With food prices reaching record levels can you invest to offset the hit to the household budget?

Published On: April 23, 2022Categories: Latest News5.5 min read

The war in Ukraine that started with Russia’s invasion in late February is having consequences other than the obvious range of disasters for those directly impacted. Among the multitude of ripple effects spreading out from the devastation unfolding is that global food prices are hitting record highs.

In a global economy, the loss or significant reduction in the output of a major supplier of widely relied upon commodities, goods or services is a significant problem. The more these commodities, goods or services are relied upon, and the bigger the impact on overall supply that results, the bigger the problem.

Much of the focus on the Ukraine war has been on its impact on energy prices. An impact that could get, foreseeably significantly, worse. Russia is the third largest oil producer in the world after only the United States and Saudi Arabia, responsible for around 10% of global supply. And Russia is the second largest producer of gas after the USA, contributing 14% of total global supply.

Russian oil and gas is being rejected by many of its previous buyers and European nations that are particularly reliant on it have pledged to find alternative suppliers as soon as possible. That has driven up the prices of all energy commodities this year, contributing towards levels of inflation not seen since the late 1980s.

And it’s not just energy prices that have risen significantly. Ukraine,  is one of the world’s largest producers of food commodities and known as the breadbasket of Europe. According to United Nations’ Food and Agriculture Organisation (FAO), Ukraine is the fifth largest exporter of wheat in the world. It held a global market share of 10% between 2016-17 and 2020-21.

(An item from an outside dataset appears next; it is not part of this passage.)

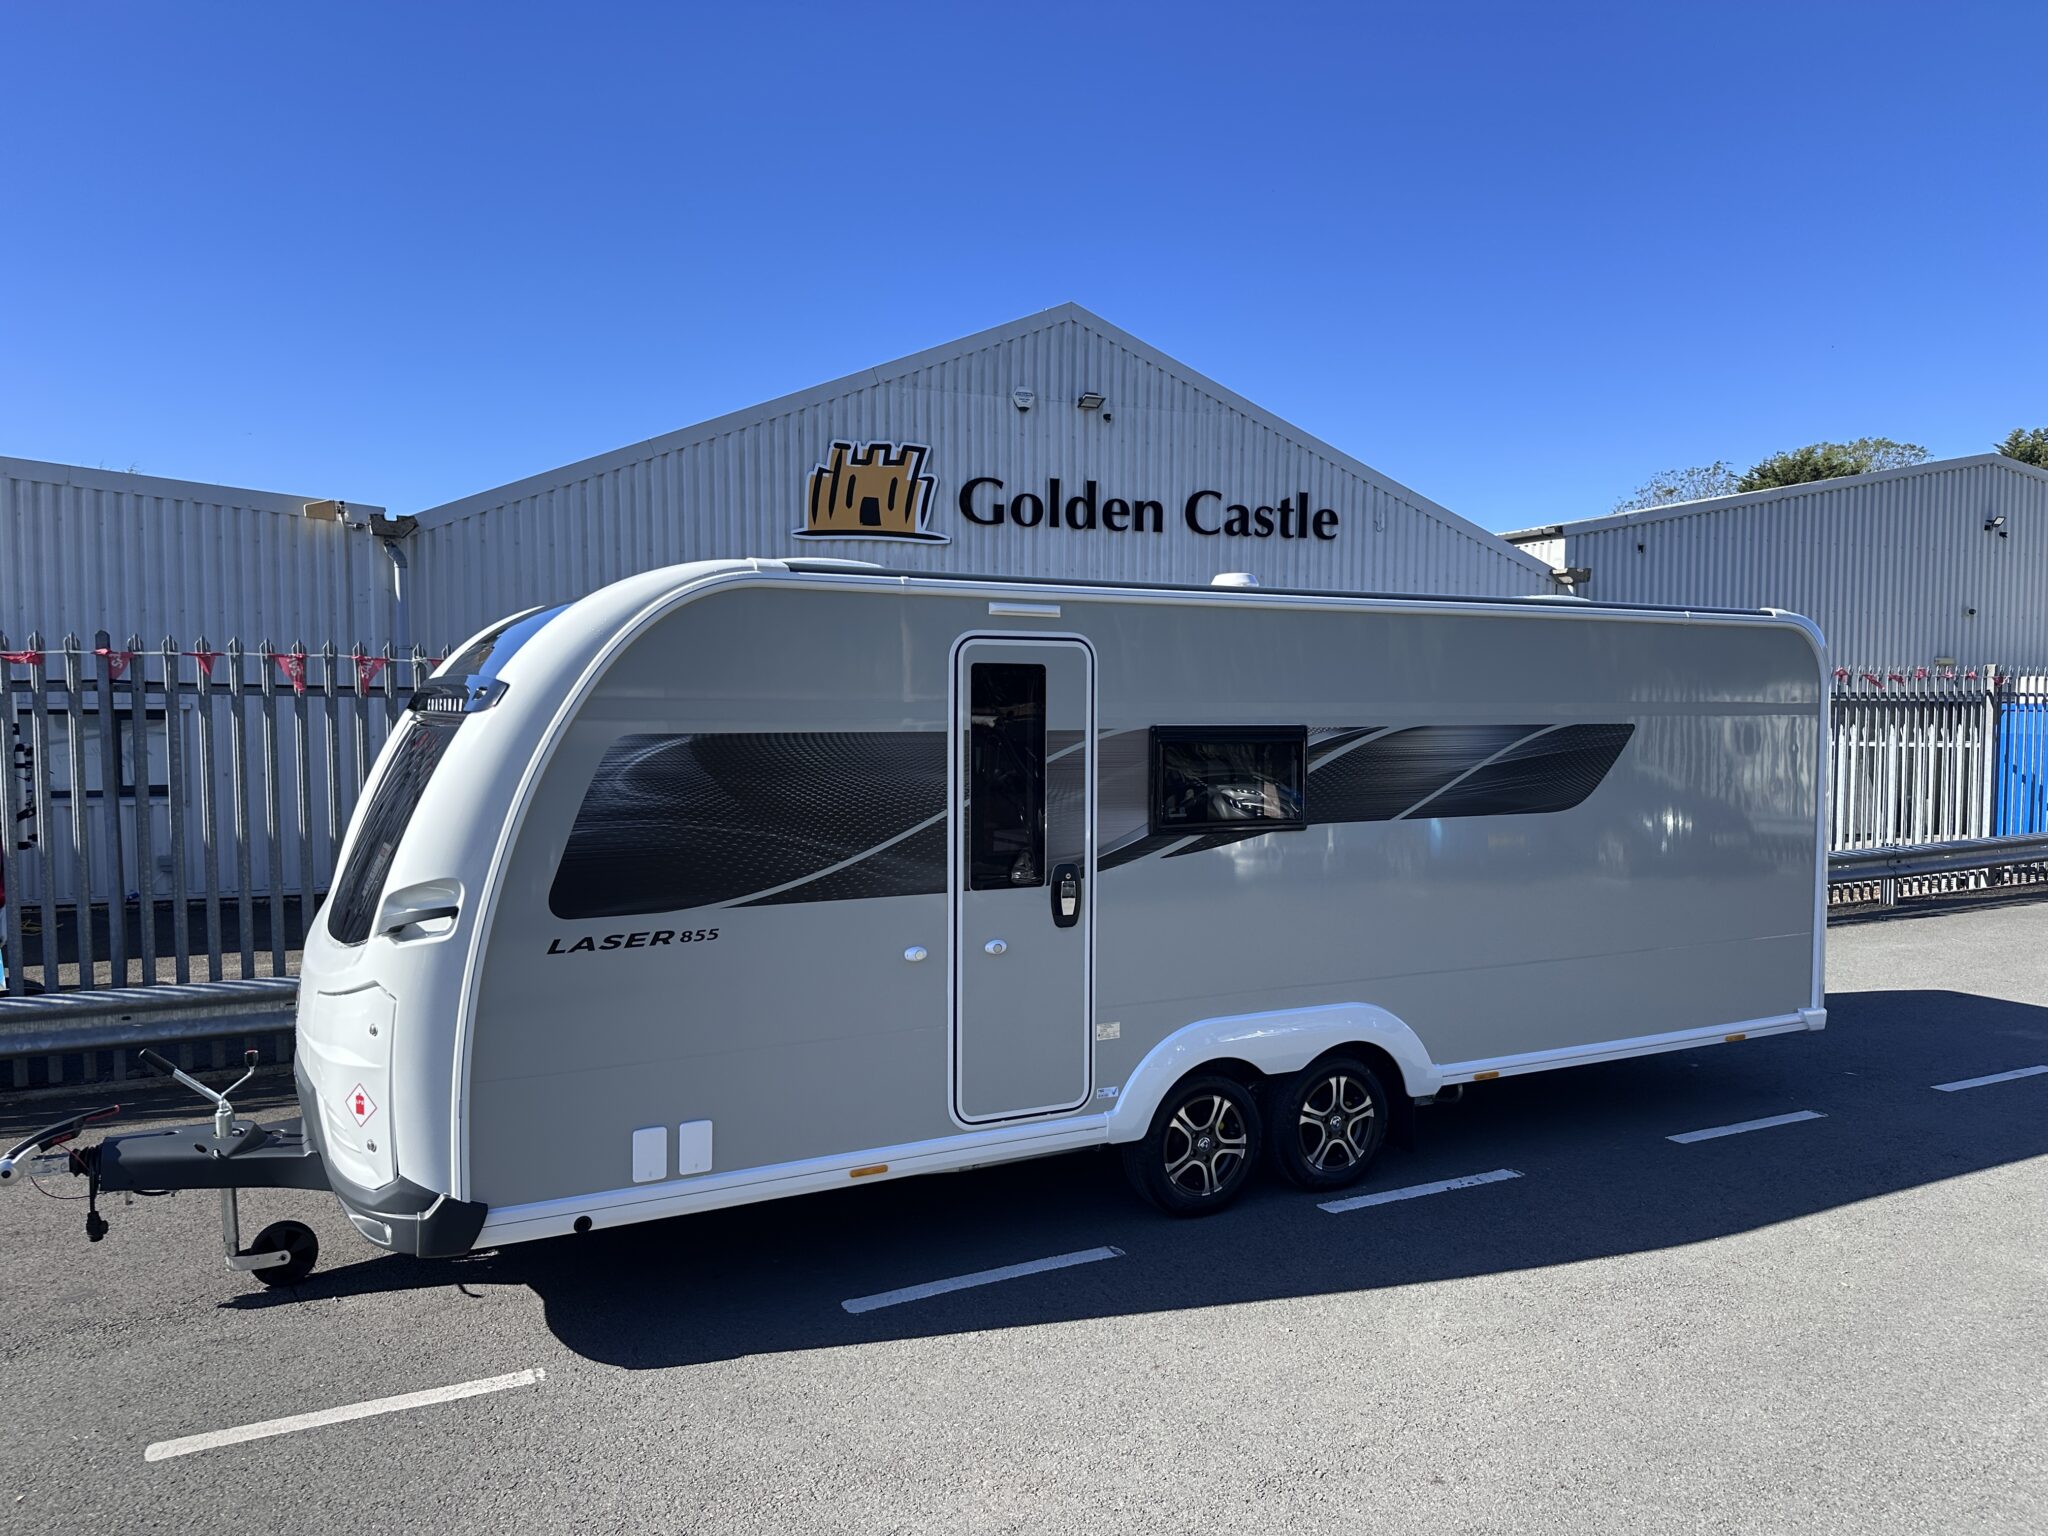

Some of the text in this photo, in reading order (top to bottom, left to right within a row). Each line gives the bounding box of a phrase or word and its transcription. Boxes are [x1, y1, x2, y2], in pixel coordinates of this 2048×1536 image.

[958, 476, 1340, 541] Golden Castle
[427, 698, 463, 712] COACHMAN
[546, 928, 720, 955] LASER 855

Russia’s southern planes are also a major source of cereal crops into world markets. Between them, Russia and Ukraine account for a massive 12% of all the food calories traded in the world. The two warring nations produce more than a quarter of the world’s wheat and a fifth of corn exports.

global markets volume

Source: IFPRI

A recent study by the International Food Policy Research Institute’s study sums up the problem:

“Ongoing fallout from the COVID-19 pandemic and other factors have already driven up food prices. Poor harvests in South America, strong global demand, and supply chain issues have reduced grain and oilseed inventories and driven prices to their highest levels since 2011-2013. Vegetable oil prices have also been at record levels, reflecting the short South American soybean crop, reduced palm oil supplies due to harvest problems in Malaysia, and sharply increased use of palm and soybean oil for biodiesel production. Prices of key energy-intensive inputs like fuel, fertilizer and pesticides have also been at near-record levels.”

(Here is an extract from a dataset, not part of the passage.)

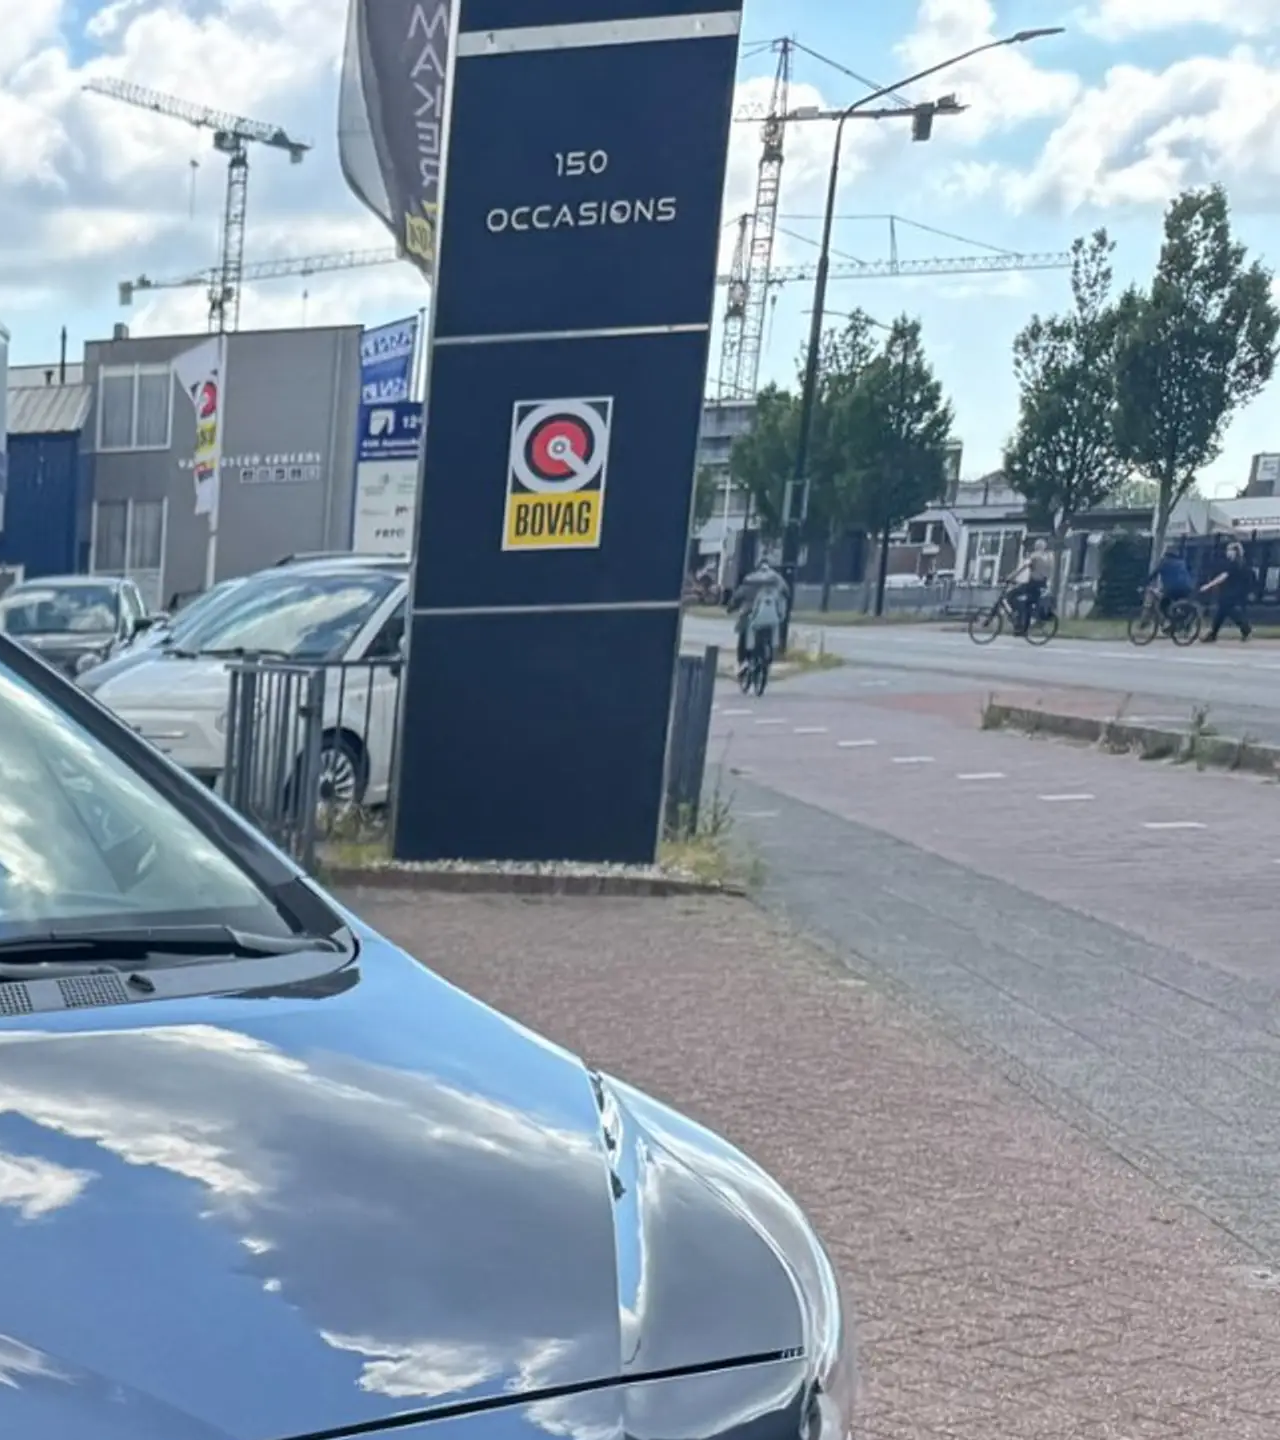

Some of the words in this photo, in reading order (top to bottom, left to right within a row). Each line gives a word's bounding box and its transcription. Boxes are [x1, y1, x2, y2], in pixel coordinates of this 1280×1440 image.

[554, 149, 608, 176] 150
[486, 197, 677, 232] OCCASIONS
[515, 499, 592, 538] BOVAG

“Russia’s invasion of Ukraine will further disrupt global markets, will have negative consequences for global grain supplies in the short term, and by disrupting natural gas and fertilizer markets, have negative impacts for producers as they enter a new planting season. This could push up already-high food price inflation…”

In March, global food prices rose by 13% to a new record high. The United Nations’ Food and Agriculture Organisation’s food prices index reached 159.3 after its most pronounced monthly rise in 14 years. Prices for vegetable oils and cereals reached record highs, as did meat and there were also leaps for dairy products and sugar.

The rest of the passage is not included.